The Pao Laboratory is now focused on the following specific areas:
Defining further molecular subsets of lung cancers, based primarily upon mutational profiling of the oncogenome in tumor samples from the Memorial Sloan-Kettering tumor bank.
Elucidating additional mechanisms of sensitivity and resistance to EGFR inhibitors in lung cancer. Using a panel of human lung cancer cell lines that harbor EGFR mutations, we recently showed that EGFR kinase inhibition in drug-sensitive cells provokes apoptosis via the intrinsic pathway of caspase activation. The process requires induction of the pro-apoptotic BH3-only protein, BIM; erlotinib dramatically induces BIM levels in sensitive but not in resistant cell lines, and knockdown of BIM expression by RNA interference virtually eliminates drug-induced cell killing in vitro. BIM status is regulated at both transcriptional and posttranscriptional levels and is influenced by the ERK signaling cascade downstream of EGFR. Consistent with these findings, lung tumors and xenografts from mice bearing mutant EGFR-dependent lung adenocarcinomas display increased concentrations of Bim after erlotinib treatment. Moreover, an inhibitor of anti-apoptotic proteins, ABT-737, enhances erlotinib-induced cell death in vitro. Thus, in drug-sensitive EGFR mutant lung cancer cells, induction of BIM is essential for apoptosis triggered by EGFR kinase inhibitors. These data imply that the intrinsic pathway of caspase activation may influence both sensitivity and/or resistance of EGFR mutant lung tumor cells to EGFR kinase inhibition. Manipulation of the intrinsic pathway could be a therapeutic strategy to enhance further the clinical outcomes of patients with EGFR mutant lung tumors.

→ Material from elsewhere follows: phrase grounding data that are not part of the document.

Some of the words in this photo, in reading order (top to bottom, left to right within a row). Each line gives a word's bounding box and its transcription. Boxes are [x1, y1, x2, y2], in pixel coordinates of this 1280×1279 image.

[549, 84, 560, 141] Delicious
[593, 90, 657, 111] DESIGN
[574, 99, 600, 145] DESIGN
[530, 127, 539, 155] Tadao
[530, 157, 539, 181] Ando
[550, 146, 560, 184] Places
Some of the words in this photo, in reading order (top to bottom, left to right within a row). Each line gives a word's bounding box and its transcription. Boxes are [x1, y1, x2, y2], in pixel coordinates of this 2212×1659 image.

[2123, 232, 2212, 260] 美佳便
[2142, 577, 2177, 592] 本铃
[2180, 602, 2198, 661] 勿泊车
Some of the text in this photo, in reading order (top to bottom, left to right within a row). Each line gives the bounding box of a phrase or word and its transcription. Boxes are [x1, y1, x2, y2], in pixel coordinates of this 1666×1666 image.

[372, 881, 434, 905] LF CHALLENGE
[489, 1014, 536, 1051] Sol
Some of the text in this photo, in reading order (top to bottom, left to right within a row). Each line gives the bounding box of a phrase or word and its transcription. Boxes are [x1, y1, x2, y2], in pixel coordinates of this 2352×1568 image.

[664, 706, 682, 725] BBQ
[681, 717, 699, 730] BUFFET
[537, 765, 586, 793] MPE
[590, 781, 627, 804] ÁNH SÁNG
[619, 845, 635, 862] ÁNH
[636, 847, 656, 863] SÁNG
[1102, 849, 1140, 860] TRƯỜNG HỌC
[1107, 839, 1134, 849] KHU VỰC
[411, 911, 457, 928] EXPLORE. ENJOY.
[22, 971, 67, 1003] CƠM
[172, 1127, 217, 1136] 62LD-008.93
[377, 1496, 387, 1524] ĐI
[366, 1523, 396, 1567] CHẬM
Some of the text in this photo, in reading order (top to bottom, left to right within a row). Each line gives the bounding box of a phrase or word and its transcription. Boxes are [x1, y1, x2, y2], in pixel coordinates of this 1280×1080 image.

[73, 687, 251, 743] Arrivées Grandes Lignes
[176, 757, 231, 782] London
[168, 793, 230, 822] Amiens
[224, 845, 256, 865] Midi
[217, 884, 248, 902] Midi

Identifying ways to overcome resistance to gefitinib and erlotinib. We have generated mouse lung tumor models driven by EGFR T790M mutants and which are resistant to erlotinib. We are now using these models as well as other molecular, cellular, and pharmacologic techniques to uncover agents and strategies that overcome acquired resistance to the T790M amino acid change.
All of these studies are being conducted in close collaboration with our clinical colleagues in the Thoracic Oncology Service, so that we can directly translate our basic science findings to the treatment of patients.